The companies announced their alliance late this summer. At the same time, Cradlepoint issued news about the release of its new NetCloud platform. NetCloud is a cloud-based solution that combines previously available Cradlepoint offerings with the software-defined networking technology it got through its recent acquisition of Pertino.

Cradlepoint and SoftBank have co-branded a service based on NetCloud. It’s called WhiteCloud OneLayer on Cradlepoint NetCloud, and it helps organizations instantly create branch, mobile, and IoT networks in the cloud. And, importantly, it allows for end-to-end control and security, and the creation of policy-based services in the process.

SoftBank will be the first service provider to offer it as a managed service. That’s a pretty nice relationship for Cradlepoint given that SoftBank is the second largest wireless and wireline service provider in Japan, has more than 3,000 sales people, and also plans to offer the solution through its subsidiaries and partnerships around the world.

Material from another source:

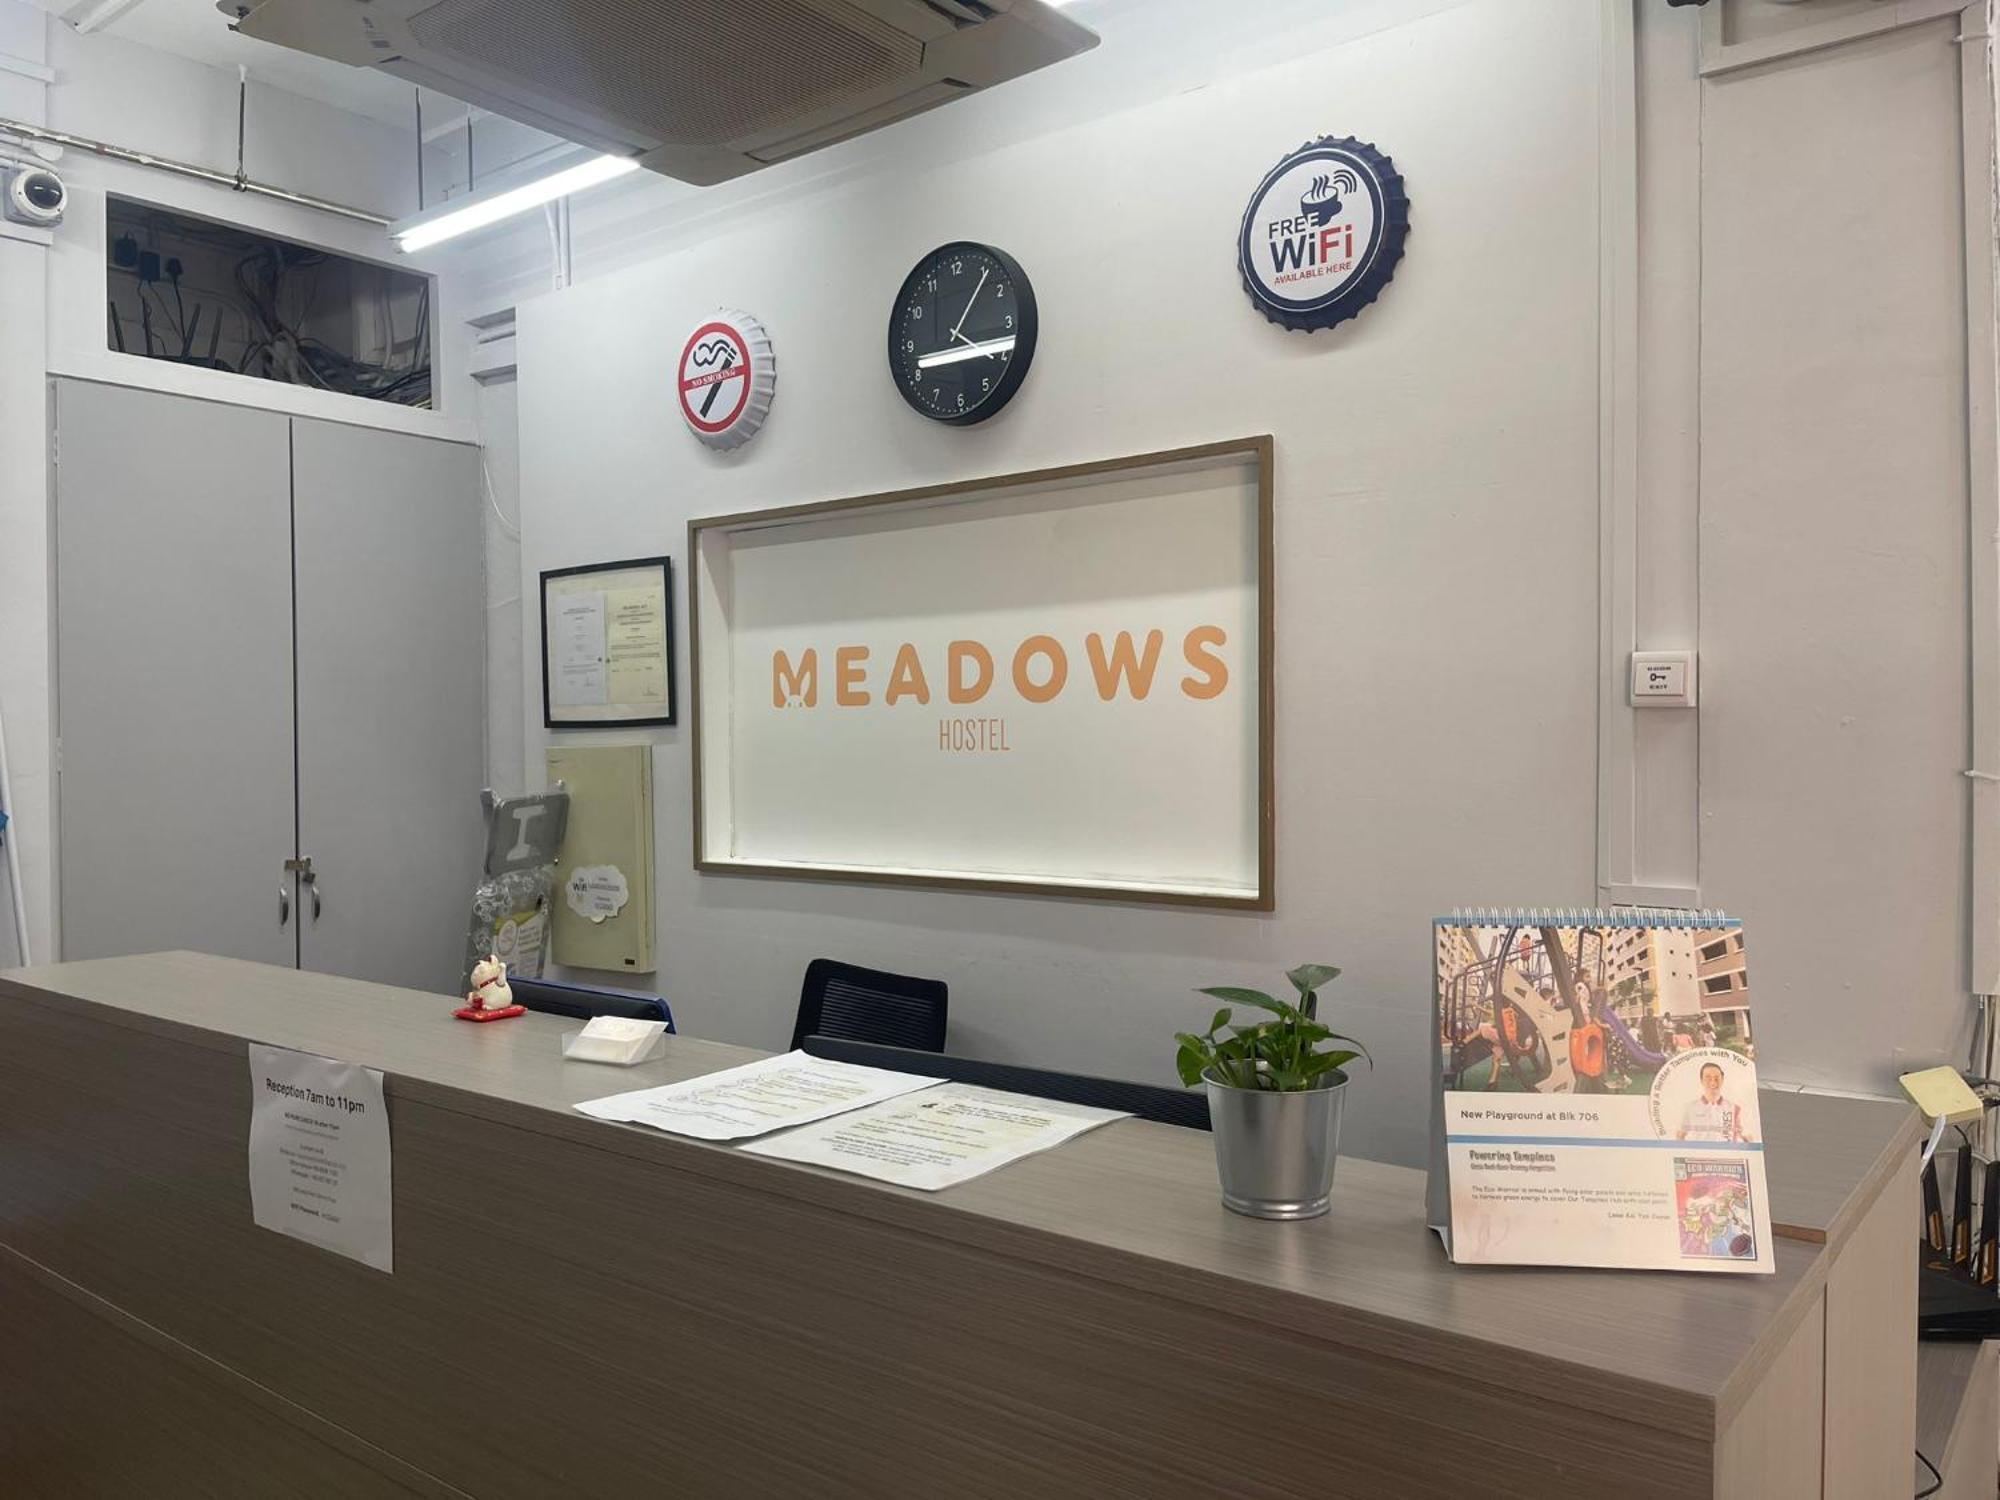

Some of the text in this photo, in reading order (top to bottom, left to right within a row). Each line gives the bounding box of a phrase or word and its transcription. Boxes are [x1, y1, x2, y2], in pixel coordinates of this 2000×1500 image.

NetCloud, an SD-WAN service, is an amalgamation of Cradlepoint and Pertino’s technologies under a single brand, said Todd Krautkremer, Cradlepoint’s senior vice president of strategy and strategic partnerships. Cradlepoint will still sell gateways and routers, and the cloud-based management it has been offering along with them, he explained, but now the emphasis will be on the software and services it delivers along with them.

The NetCloud service is noteworthy, he added, because it allows businesses to leverage the public cloud, but ensure their traffic running over that consumer-grade infrastructure gets enterprise-quality treatment. In addition to NetCloud’s traffic control and visibility, it features network access control, which prevents devices from coming on the network until they are accepted by the network administrator or profiled to be compliant. And because it is automated and is an over-the-top service running over broadband connections, businesses that use NetCloud stand to save 90 percent over MPLS, be able to reduce their WAN staffing by 50 percent and their hardware costs by three times, and deploy a virtual network in less than 5 minutes.

Various sources indicate the SD-WAN space will reach $3.2 billion by 2018, $12.1 billion by 2019, and $7.5 billion by 2020. Among the companies in the SD-WAN space are Cisco, Citrix, CloudGenix, FatPipe Networks, Glue Networks, Ipanema technologies, Riverbed, SimpleWAN, Silver Peak (News - Alert), Talari, VeloCloud, Versa Networks, and Viptela.